Ask AI

Tutorial, part four: Building an asset graph#

In the previous portion of the tutorial, you wrote your first Software-defined asset (SDA), looked at Dagster's UI, and manually materialized your asset.

Continuing from there, you will:

  • Add more assets to your Dagster project
  • Connect them to finish creating the pipeline
  • Give users more knowledge about the assets by adding metadata and logging

Step 1: Adding the DataFrame asset#

Using the top Hacker News story IDs, you'll now look up each story by its ID, ingest that data, and make a DataFrame out of it. You'll connect your current asset with this new asset to establish dependencies and make an asset graph.

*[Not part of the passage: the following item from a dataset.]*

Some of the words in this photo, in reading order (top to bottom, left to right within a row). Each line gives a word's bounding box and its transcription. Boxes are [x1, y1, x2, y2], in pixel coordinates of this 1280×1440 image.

Modify your assets.py to add the pandas import and a new asset called topstories:

Add new imports, such as import pandas as pd, to the top of assets.py
import json
import os

import pandas as pd  # Add new imports to the top of `assets.py`
import requests

from dagster import asset

# ... Keep the `topstory_ids` asset from the previous section


@asset(deps=[topstory_ids])  # this asset is dependent on topstory_ids
def topstories() -> None:
    with open("data/topstory_ids.json", "r") as f:
        topstory_ids = json.load(f)

    results = []
    for item_id in topstory_ids:
        item = requests.get(
            f"https://hacker-news.firebaseio.com/v0/item/{item_id}.json"
        ).json()
        results.append(item)

        if len(results) % 20 == 0:
            print(f"Got {len(results)} items so far.")

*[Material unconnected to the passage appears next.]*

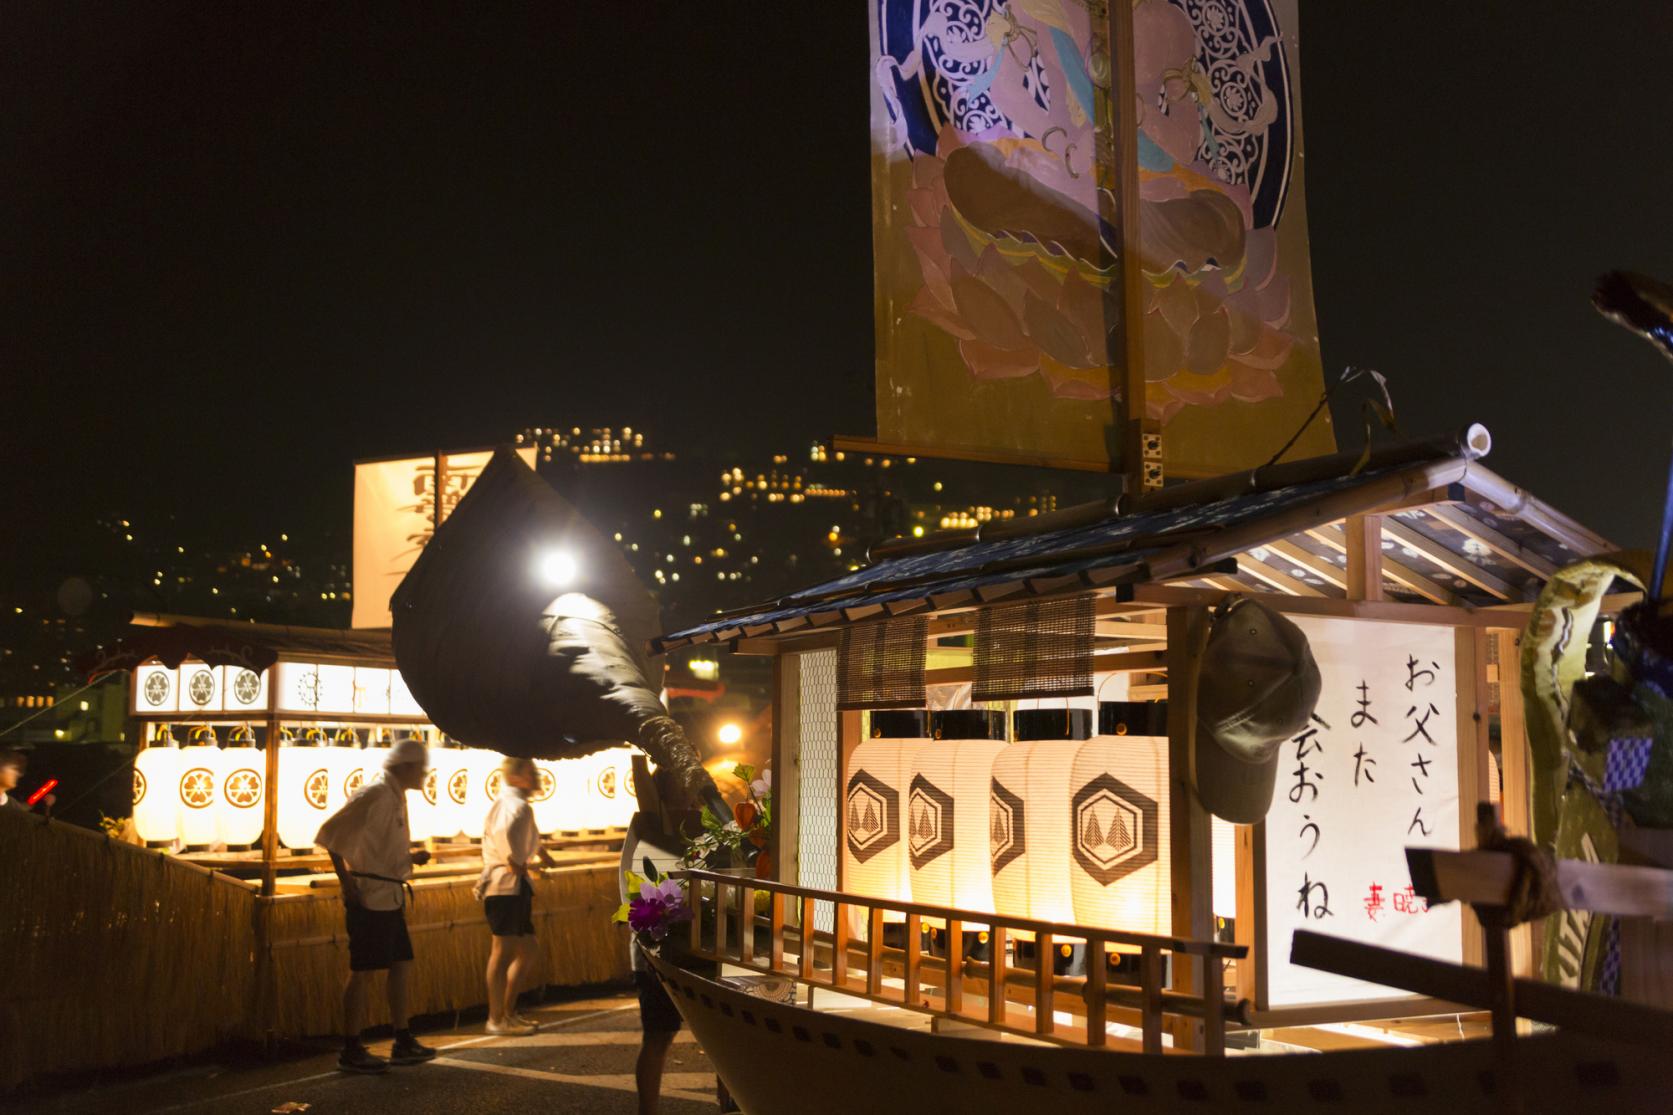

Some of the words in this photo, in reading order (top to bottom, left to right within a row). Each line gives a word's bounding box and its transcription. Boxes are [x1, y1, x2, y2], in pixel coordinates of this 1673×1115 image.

[1349, 679, 1379, 786] また
[1401, 653, 1441, 836] お父さん

    df = pd.DataFrame(results)
    df.to_csv("data/topstories.csv")

Dependencies between assets are defined using the deps parameter of the @asset decorator. In this case, topstory_ids (the list of IDs) is a dependency of topstories (the CSV file).

In your browser, navigate back to Dagster's Global Asset Lineage (localhost:3000/asset-groups), and click on the Reload Definitions button on the top-right region of the page. This will tell Dagster to re-scan your code for new assets and other definitions without stopping Dagster. You can also use the Command + Option + R (Mac) or Control + Alt (Windows) + R keyboard shortcut to perform the same action.

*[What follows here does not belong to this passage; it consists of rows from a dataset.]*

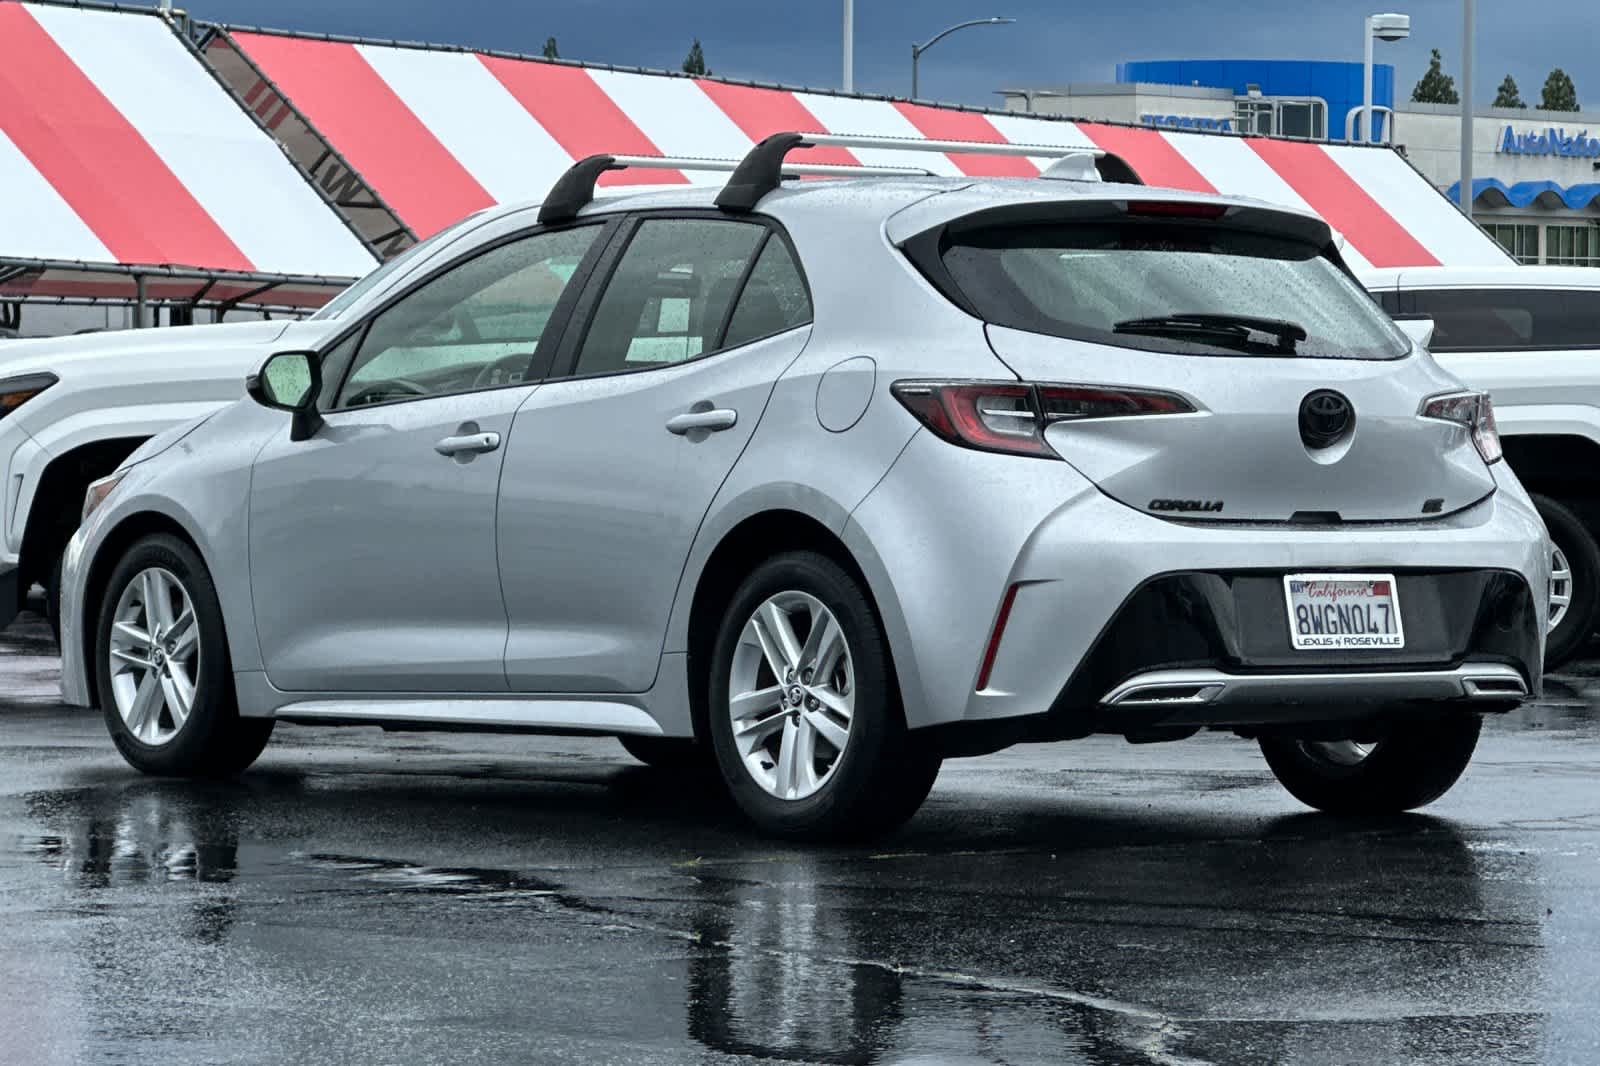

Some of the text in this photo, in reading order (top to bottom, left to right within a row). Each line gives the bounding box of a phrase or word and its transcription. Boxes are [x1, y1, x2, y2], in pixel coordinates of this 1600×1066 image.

[1147, 498, 1225, 513] COROLLA
[1309, 580, 1368, 602] California
[1296, 603, 1391, 635] 8WGN047
[1297, 637, 1333, 646] LEXUS
[1343, 636, 1401, 646] ROSEVILLE

After reloading your definitions, look at the asset graph to see the relationship between your assets.

Logging during asset materialization#

In the code above, a print statement is used to show progress while fetching stories from the Hacker News API. Dagster has a built-in logger that extends past print and other Python logging methods. This logger shows exactly where logging happens in your Dagster project, such as which asset and step during a run the log came from.

Dagster's logger can be accessed through the context argument, which is available through any asset-decorated function if the first keyword argument in it is named context. The context argument contains the logger, information about the current run, and other Dagster-specific utilities.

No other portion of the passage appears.